##### The data

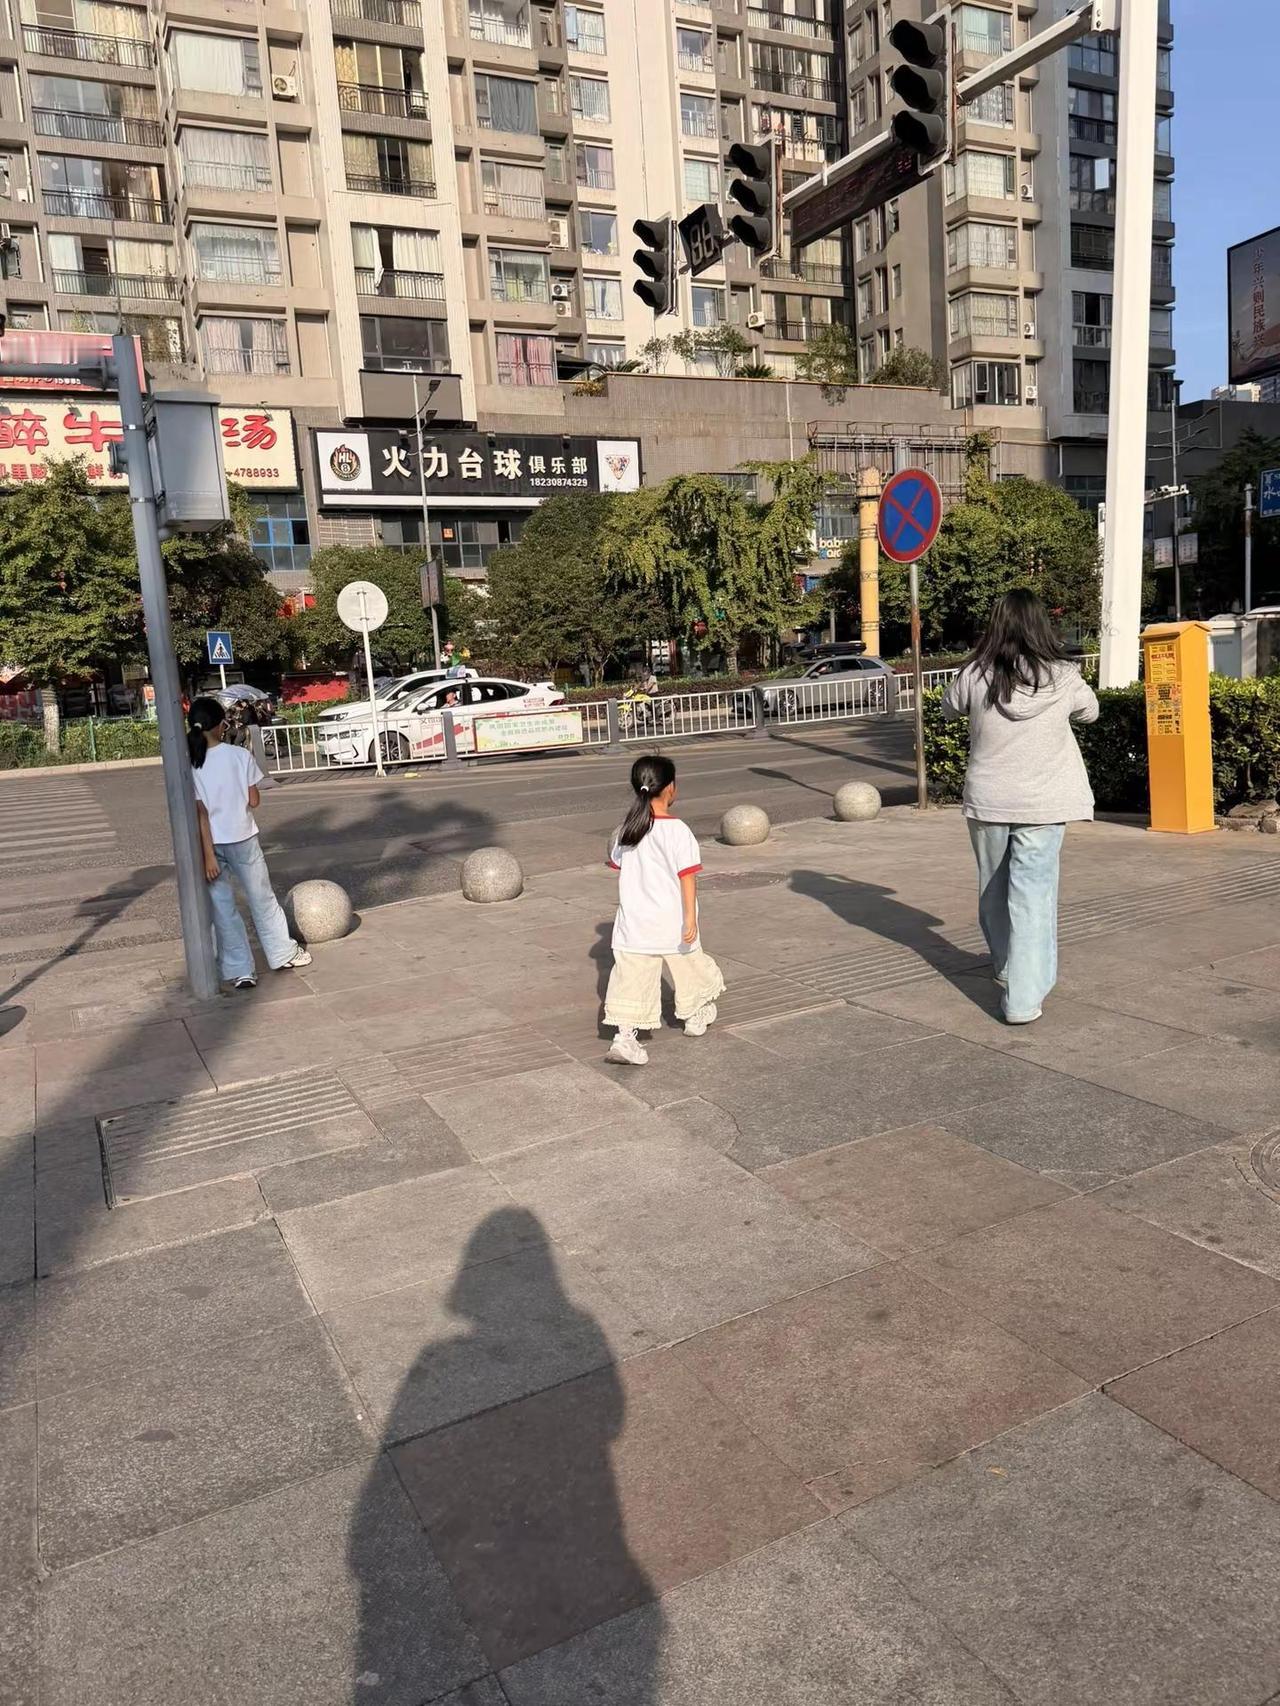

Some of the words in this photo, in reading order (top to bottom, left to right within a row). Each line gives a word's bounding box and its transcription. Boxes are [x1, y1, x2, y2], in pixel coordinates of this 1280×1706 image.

[1252, 246, 1265, 350] 少年兴则民族兴
[339, 452, 352, 463] HL
[381, 446, 523, 480] 火力台球
[529, 455, 588, 475] 俱乐部
[342, 464, 349, 473] 8
[530, 478, 588, 487] 18230874329
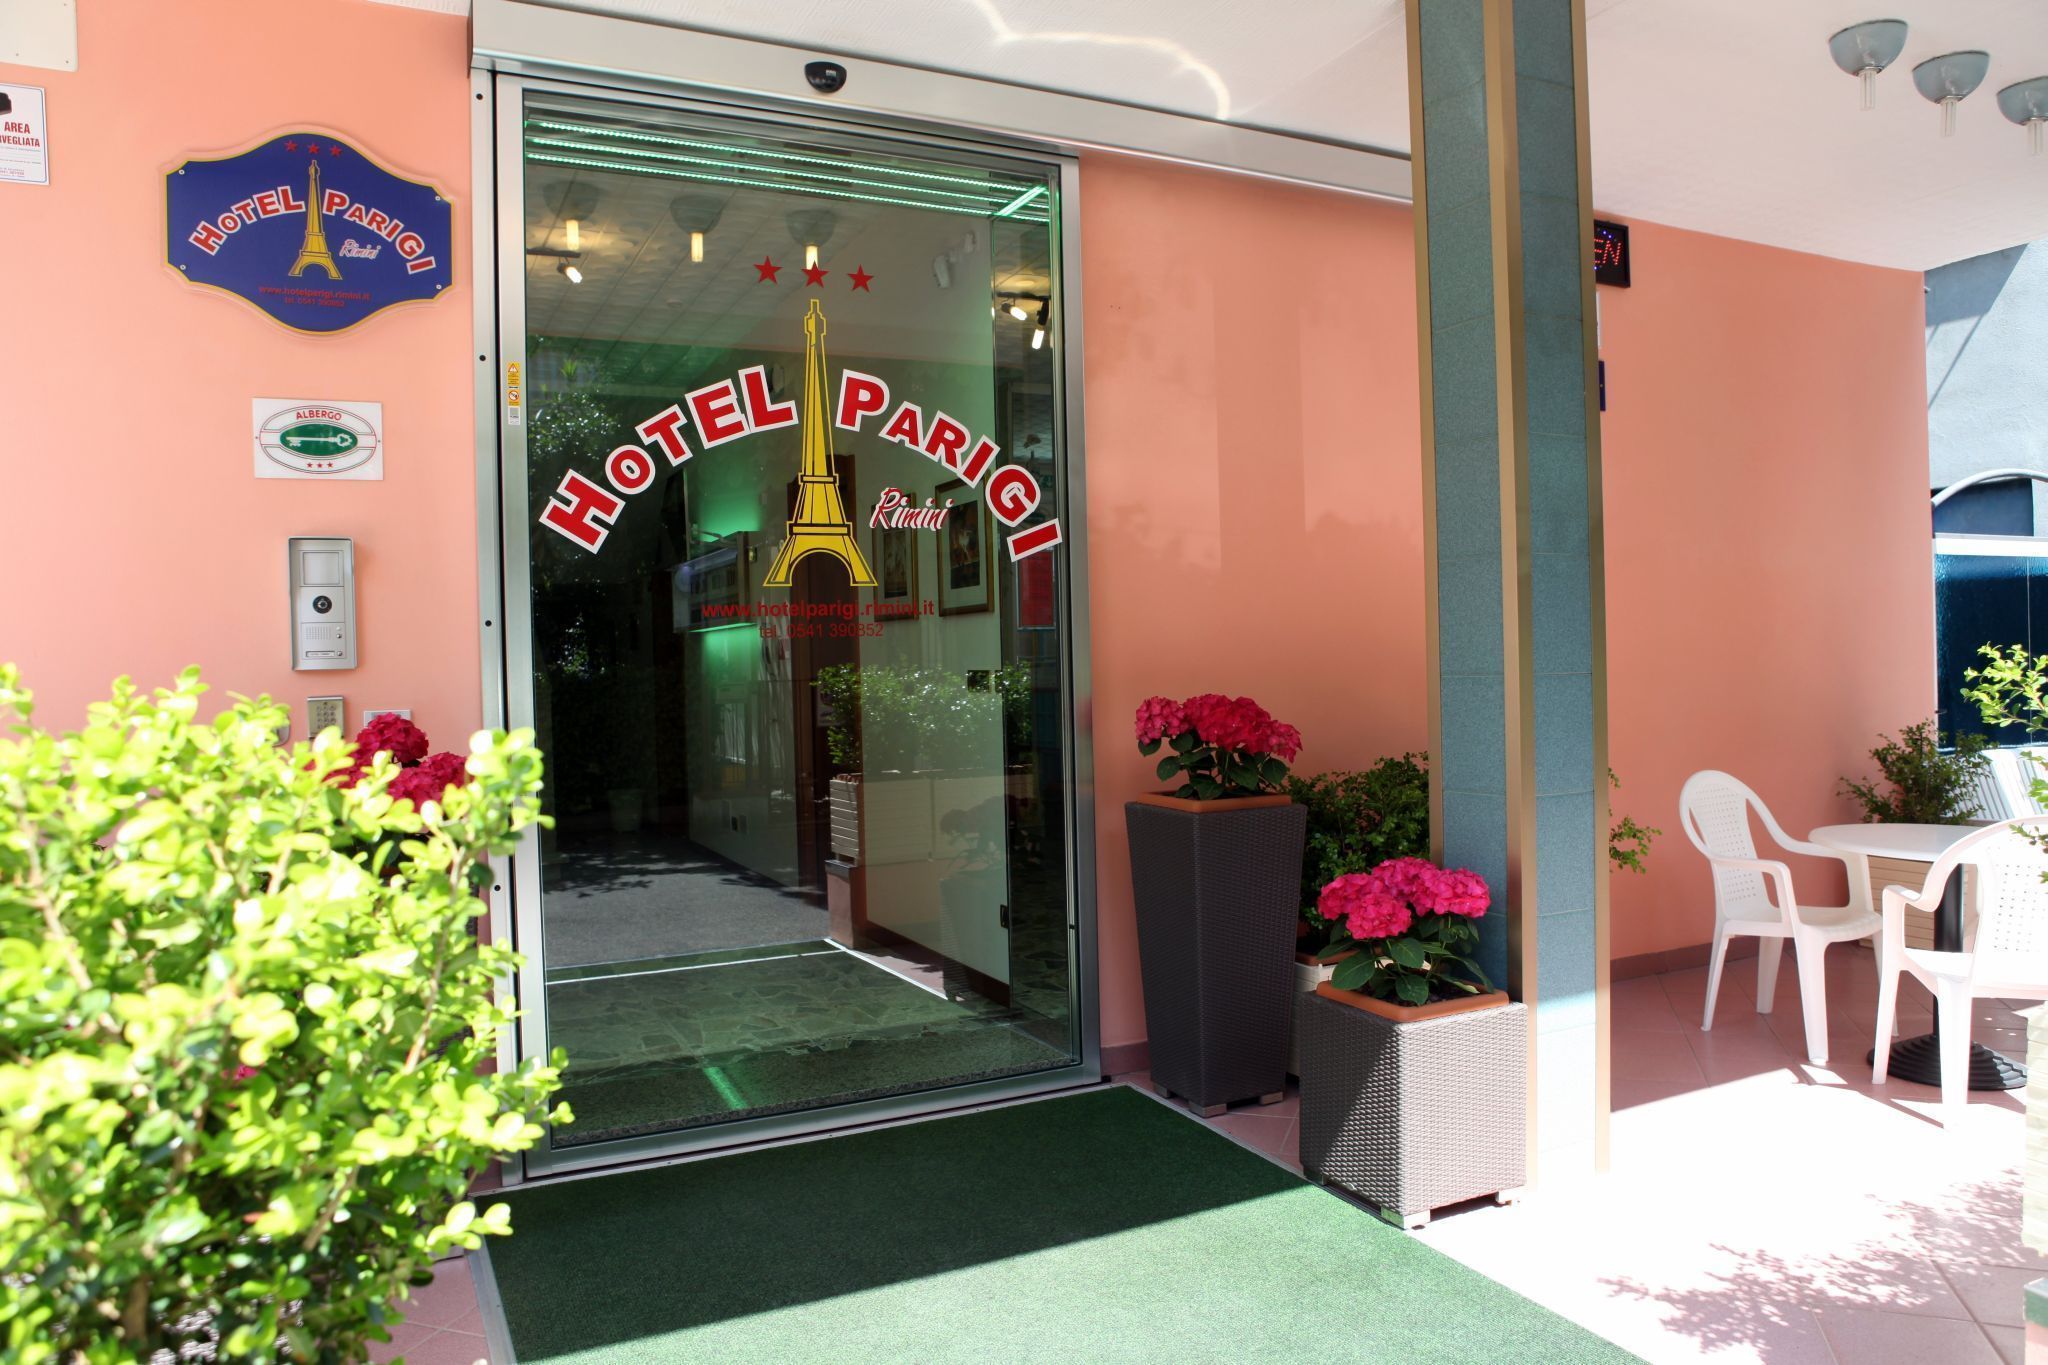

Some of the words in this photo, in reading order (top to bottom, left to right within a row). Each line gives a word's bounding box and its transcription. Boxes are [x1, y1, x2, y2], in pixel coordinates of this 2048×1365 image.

[4, 121, 31, 134] AREA
[188, 185, 305, 256] HOTEL
[322, 188, 436, 275] PARIGI
[339, 239, 381, 259] Rimini
[296, 409, 342, 421] ALBERGO
[539, 364, 799, 555] HOTEL
[836, 368, 1062, 562] PARIGI
[869, 487, 955, 531] Rimini
[702, 600, 934, 621] www.hotelparigi.rimini.it
[786, 623, 823, 639] 0541
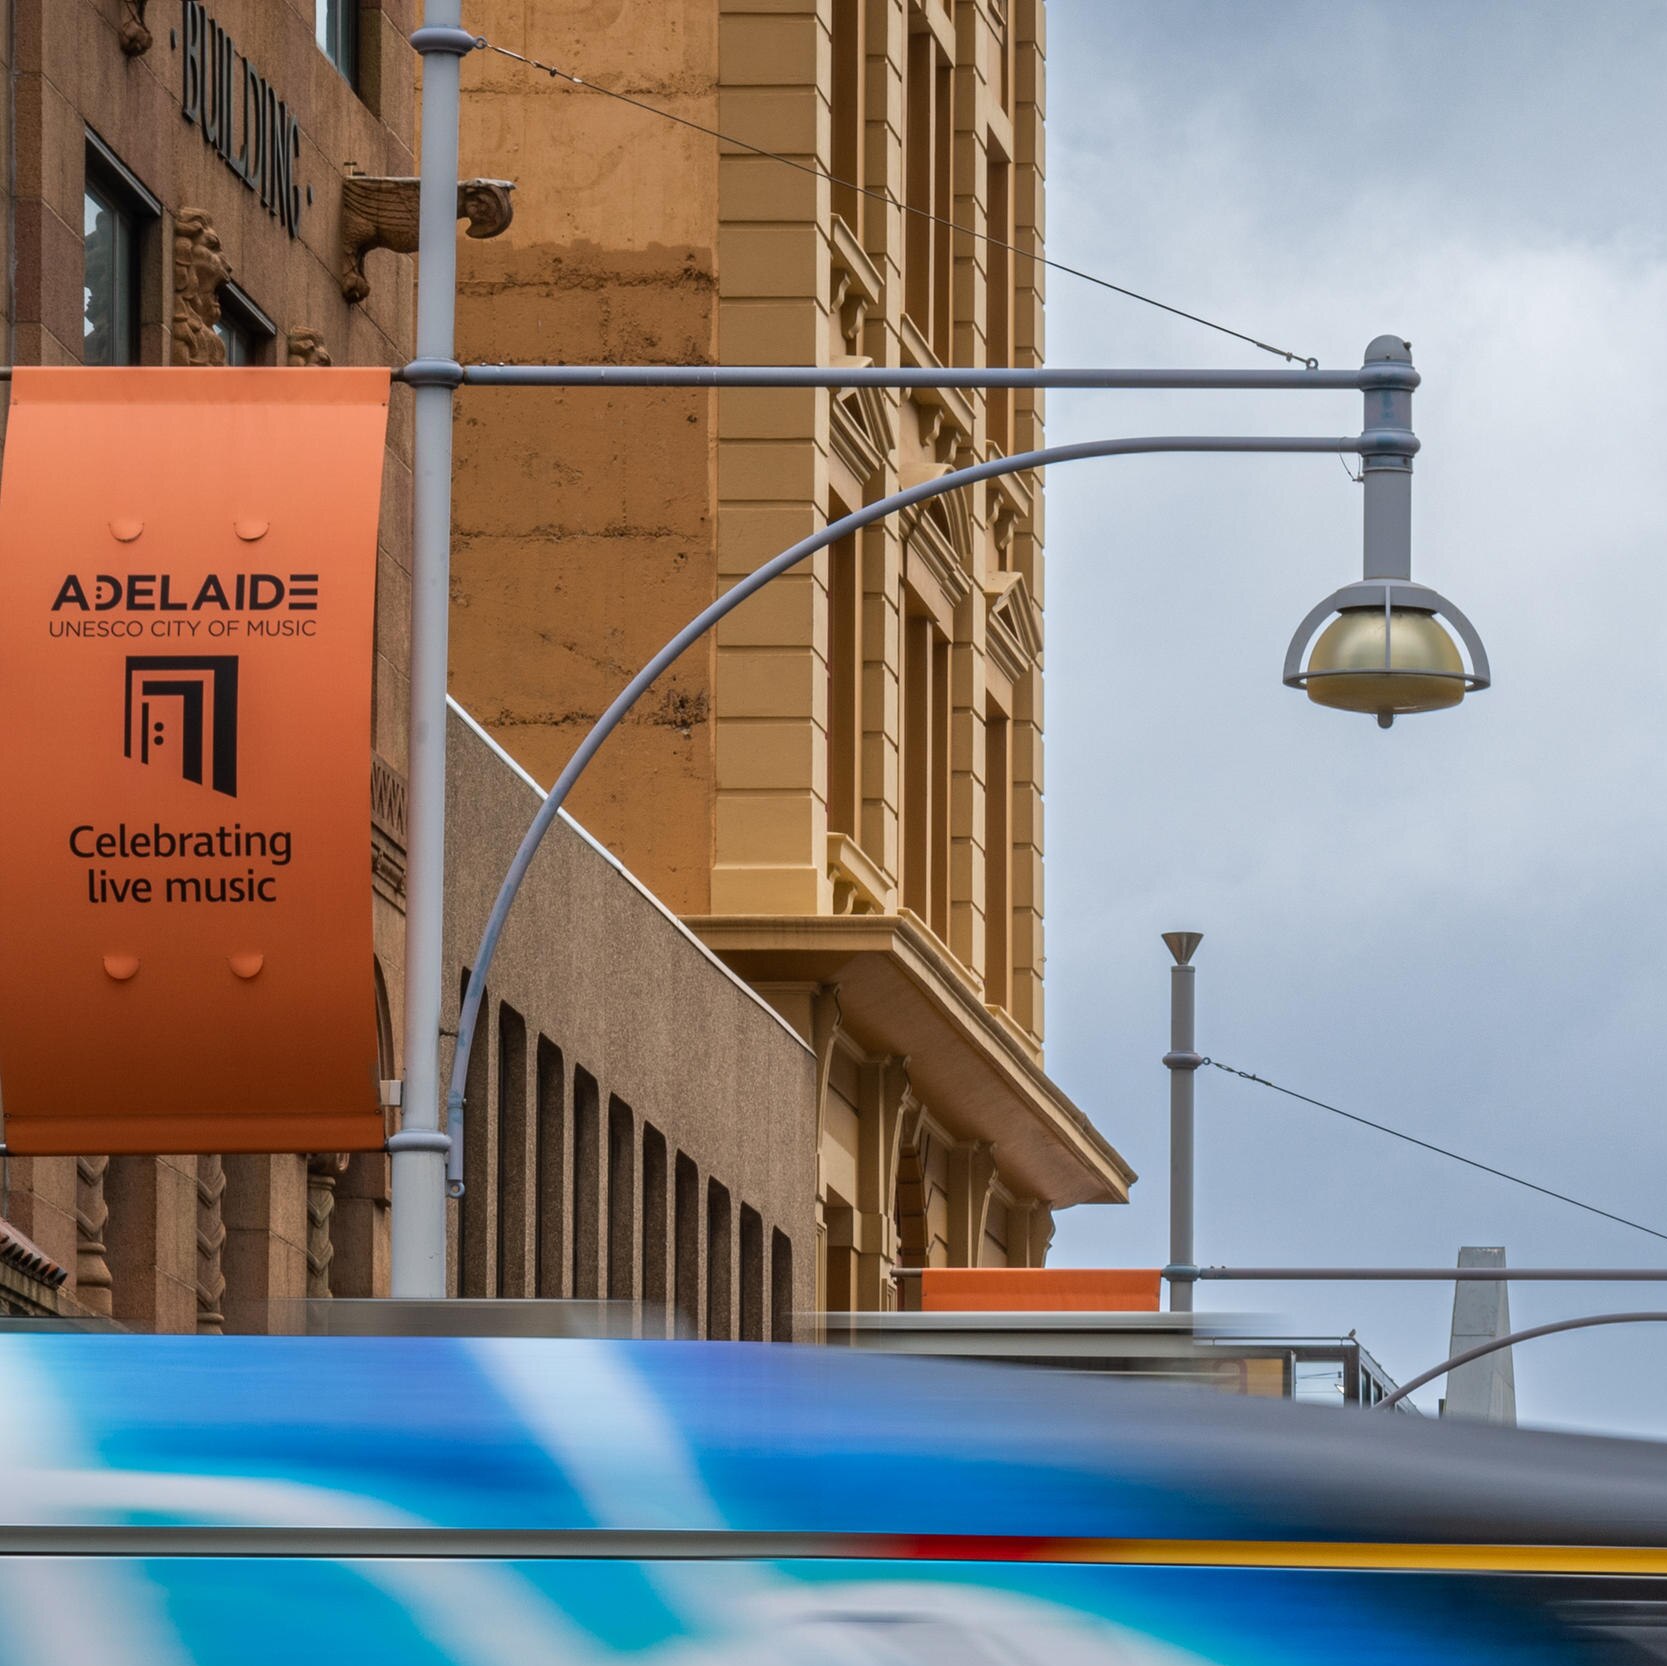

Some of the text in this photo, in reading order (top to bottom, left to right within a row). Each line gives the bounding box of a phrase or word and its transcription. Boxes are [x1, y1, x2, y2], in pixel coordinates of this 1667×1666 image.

[182, 1, 301, 239] BUILDING
[51, 574, 318, 612] ADELAIDE
[49, 620, 317, 638] UNESCO CITY OF MUSIC
[69, 824, 293, 866] Celebrating
[88, 869, 277, 904] live music

##########

▶ Assigned task: What's needed is a word-for-word retyping of the listing, minus its pictures.

▶ Output:
Some of the words in this photo, in reading order (top to bottom, left to right within a row). Each line gives a word's bounding box and its transcription. Boxes are [x1, y1, x2, y2], in pixel coordinates of this 1280×1706 image.

[1252, 246, 1265, 350] 少年兴则民族兴
[339, 452, 352, 463] HL
[381, 446, 523, 480] 火力台球
[529, 455, 588, 475] 俱乐部
[342, 464, 349, 473] 8
[530, 478, 588, 487] 18230874329

Some of the words in this photo, in reading order (top to bottom, left to right within a row). Each line gives a word's bounding box and its transcription. Boxes are [x1, y1, x2, y2], in pixel coordinates of this 2048×1365 image.

[4, 121, 31, 134] AREA
[188, 185, 305, 256] HOTEL
[322, 188, 436, 275] PARIGI
[339, 239, 381, 259] Rimini
[296, 409, 342, 421] ALBERGO
[539, 364, 799, 555] HOTEL
[836, 368, 1062, 562] PARIGI
[869, 487, 955, 531] Rimini
[702, 600, 934, 621] www.hotelparigi.rimini.it
[786, 623, 823, 639] 0541

Some of the text in this photo, in reading order (top to bottom, left to right within a row). Each line gives the bounding box of a phrase or word and its transcription. Boxes are [x1, y1, x2, y2], in pixel coordinates of this 1667×1666 image.

[182, 1, 301, 239] BUILDING
[51, 574, 318, 612] ADELAIDE
[49, 620, 317, 638] UNESCO CITY OF MUSIC
[69, 824, 293, 866] Celebrating
[88, 869, 277, 904] live music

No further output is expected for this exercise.